Gamma-Aminobutyric Acid Modulation of Corticotrophin-Releasing Factor-41 Secretion from the Rat Hypothalamus in vitro.

Abstract There is increasing evidence for a centrally mediated inhibitory effect of the amino-acid neurotransmitter y-aminobutyric acid (GABA) on the hypothalamo-pituitary-adrenal axis. In the present study, the direct effect of GABA in modulating the release of the 41-residue corticotrophin-releasing factor (CRF-41), the major CRF identified so far, was investigated in acute hypothalamic explants by utilizing previously validated incubation and assay techniques. While GABA (10(-7)'to 10(-5) M) had no effect on basal CRF-41 release (P > 0.05), it significantly suppressed K (-) (28 mM)-stimulated release in a dose-dependent manner (P < 0.01). A similar inhibitory effect was observed with the GABA agonist muscimol (10(-7) to 10(-5) M). Noradrenaline (10(-6) M) -induced CRF-41 release was also significantly inhibited by GABA 10(-6) M. The inhibitory effect of GABA on K(+)-stimulated CRF-41 secretion was completely. reversed by the GABA antagonists bicuculline and picrotoxin (10(-6) to 10(-5) M) in a dose-dependent fashion.
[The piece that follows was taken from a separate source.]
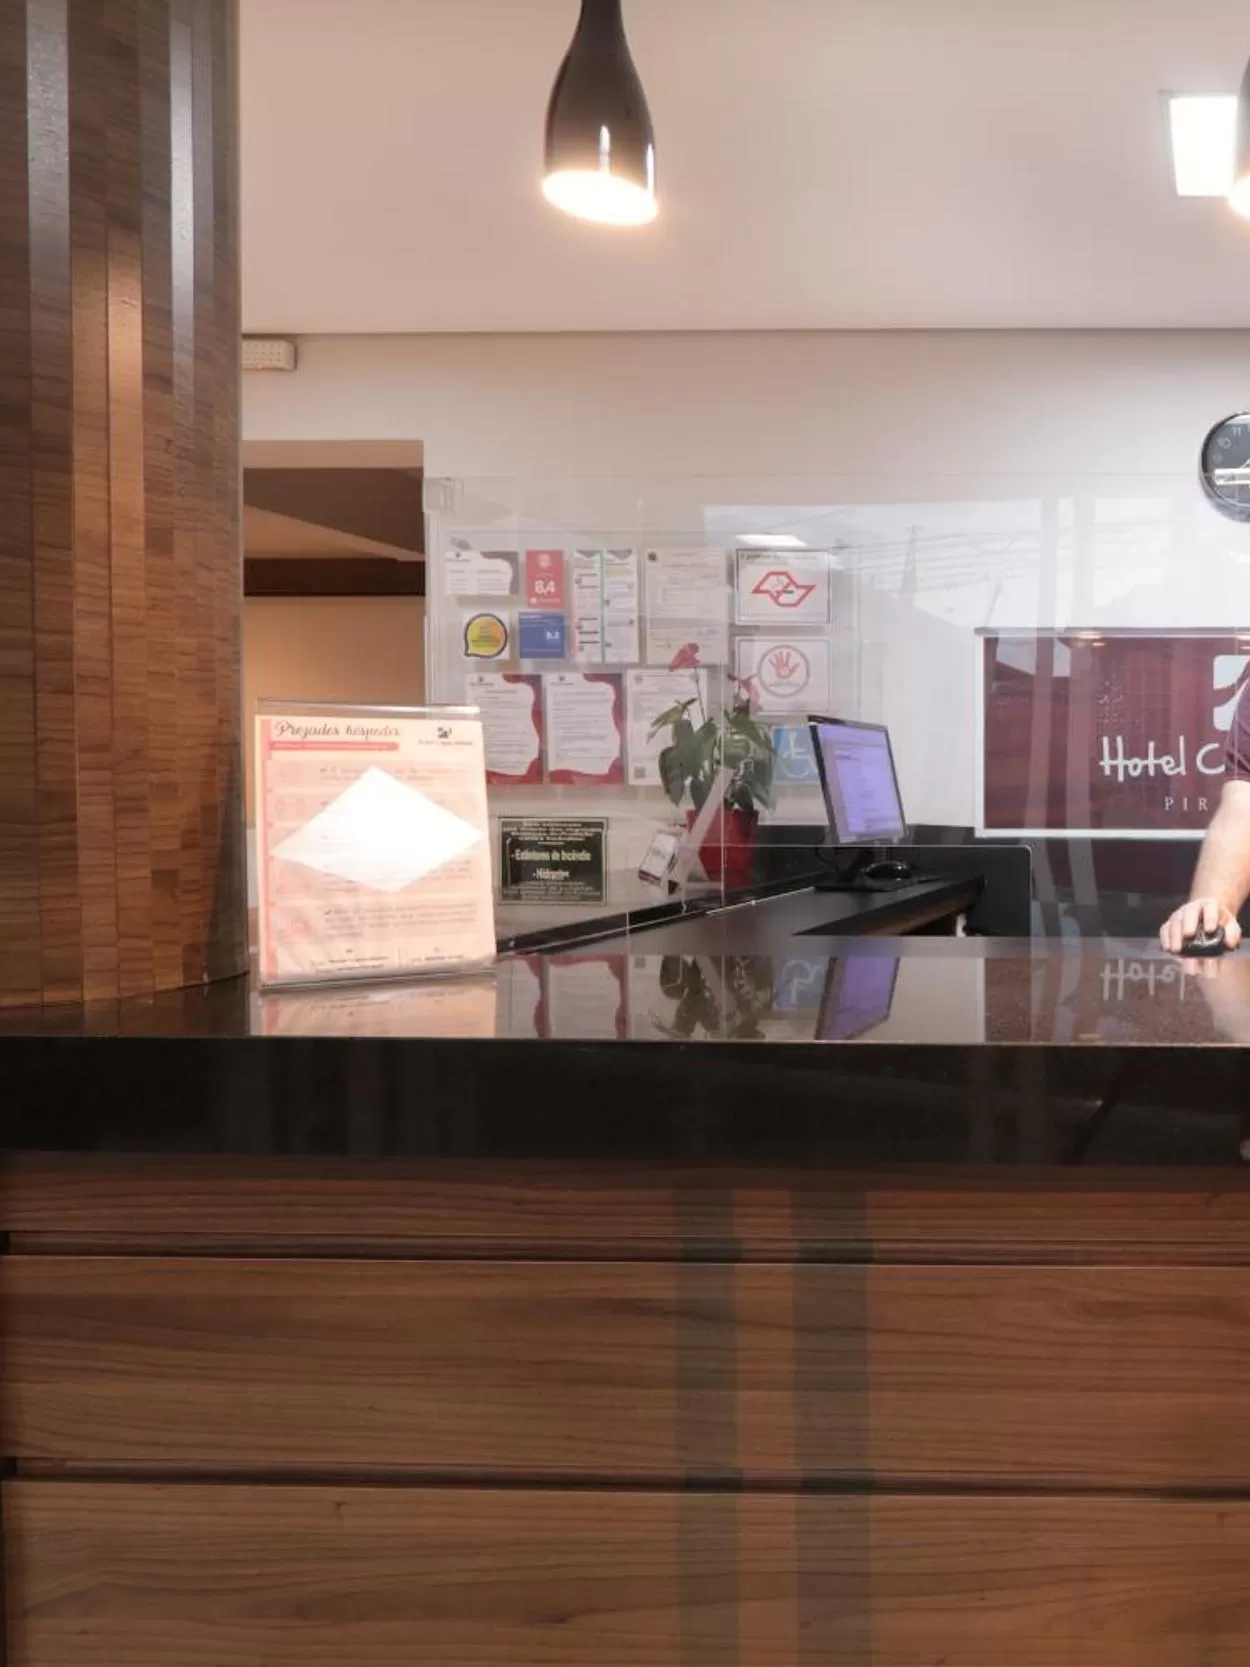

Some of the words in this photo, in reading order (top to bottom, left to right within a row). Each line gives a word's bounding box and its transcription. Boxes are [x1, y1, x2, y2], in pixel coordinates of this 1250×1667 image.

[1099, 735, 1187, 783] Hotel
[1196, 742, 1226, 775] C
[1163, 796, 1209, 811] PIR
Both bicuculline and picrotoxin stimulated basal and K(+) (28 mM)-stimulated CRF-41 release, indicating the presence of tonic inhibition by endogenous GABA in the basal state. Finally, GABA 10(-5) M was able to significantly inhibit the stimulated release of CRF-41 from the isolated median eminence. In summary, the present data provide strong evidence that GABA-induced inhibition of the hypothalamo-pituitary-adrenal axis is mediated, at least in part, through an inhibitory action on CRF-41 secretion. It is likely that these GABA receptors are located directly on CRF-41 neurons, probably on nerve terminals in the median eminence.